The other families had already picked out the land they wanted, marking them off with fallen trees meant to be seen from satellites and a name spelled out in trees or rubble. The others, being friends already, reasonably made their claims close together; Jason and their little group made their claim about four miles down the road, but still within jetski range and reasonable access to the shore.

Getting a garden going wasn't easy, but it wasn't all that difficult either. The land they picked had a portion of a house left on it, and at least four acres of overgrown lawn. Two walls didn't a house make, but it had lots of salvageable wood that they planned on recycling into a smaller, new home.

Because of the horrible transportation situation plaguing the region, building standards were necessarily somewhat relaxed due to the logistics of the normal, frequent inspections. Even so, homes still needed to be inspected, so, just slapping together something was out. Jason and his little group needed the experience of the other families.

The hardest part about their garden proved to be killing the grass. Plastic tarps, bags, roofing scraps, and old papers proved to make excellent barriers to hold the grass back while letting the plants grow.

On most days, two gardened while one assisted the other families with construction and the fourth fished. They rotated every week.

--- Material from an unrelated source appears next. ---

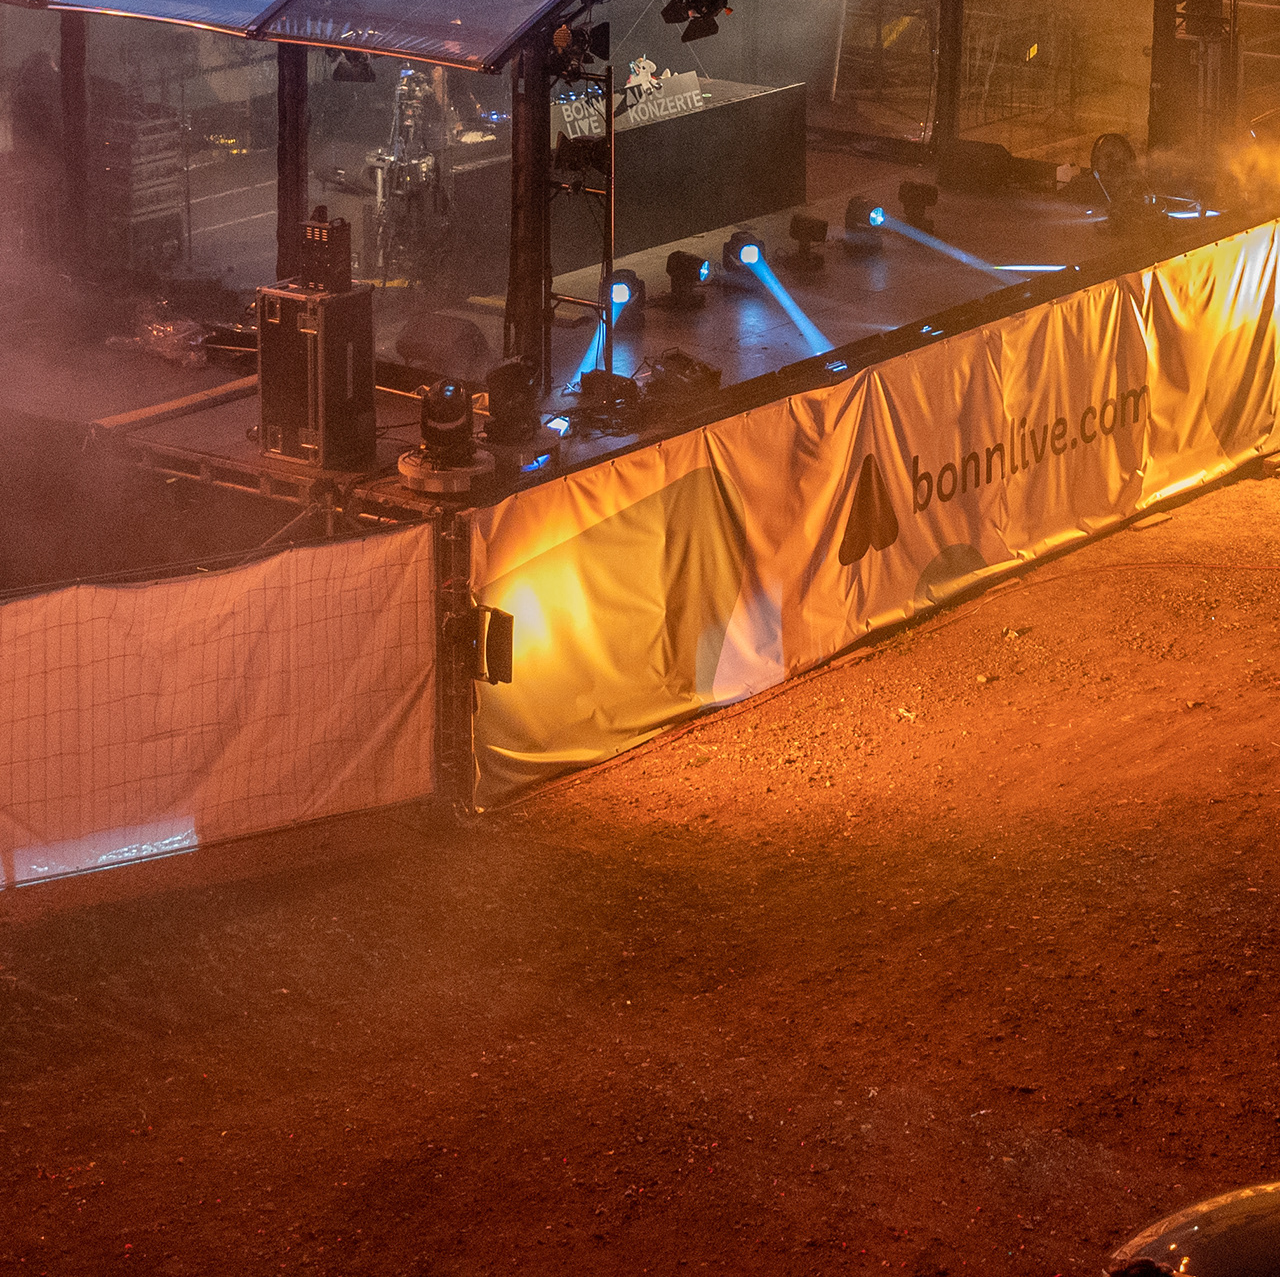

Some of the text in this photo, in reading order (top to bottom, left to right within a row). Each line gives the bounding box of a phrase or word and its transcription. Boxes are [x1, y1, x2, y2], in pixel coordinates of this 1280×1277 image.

[627, 89, 704, 124] KONZERTE
[566, 116, 602, 140] LIVE
[911, 382, 1149, 516] bonnlive.com

Their first 'completed' home was finished within the first month. It was an odd little thing. Hobbled together from mostly scraps, the siding on the front didn't match the siding on the back, nor those of the two ends. The windows were recycled as well, but their differences were harder to notice. Inside, the building was 'complete' with air ducts, wiring, switches, ceiling fans and fixtures. But most walls were transparent, lacking any sheetrock to cover them, and showed naked pipes and wires everywhere. A few around the bathrooms and such had sheets stapled to the studs for privacy, but in most cases the walls were bare. No carpeting for the same reasons, simple plywood floors all around. And the roof was a mismatched patchwork of multiple shingle colors. But otherwise, the home was complete, weatherproof, and awaiting electricity. For now, it had a well and used a simple drain field, with the hopes of city hookups in the near future.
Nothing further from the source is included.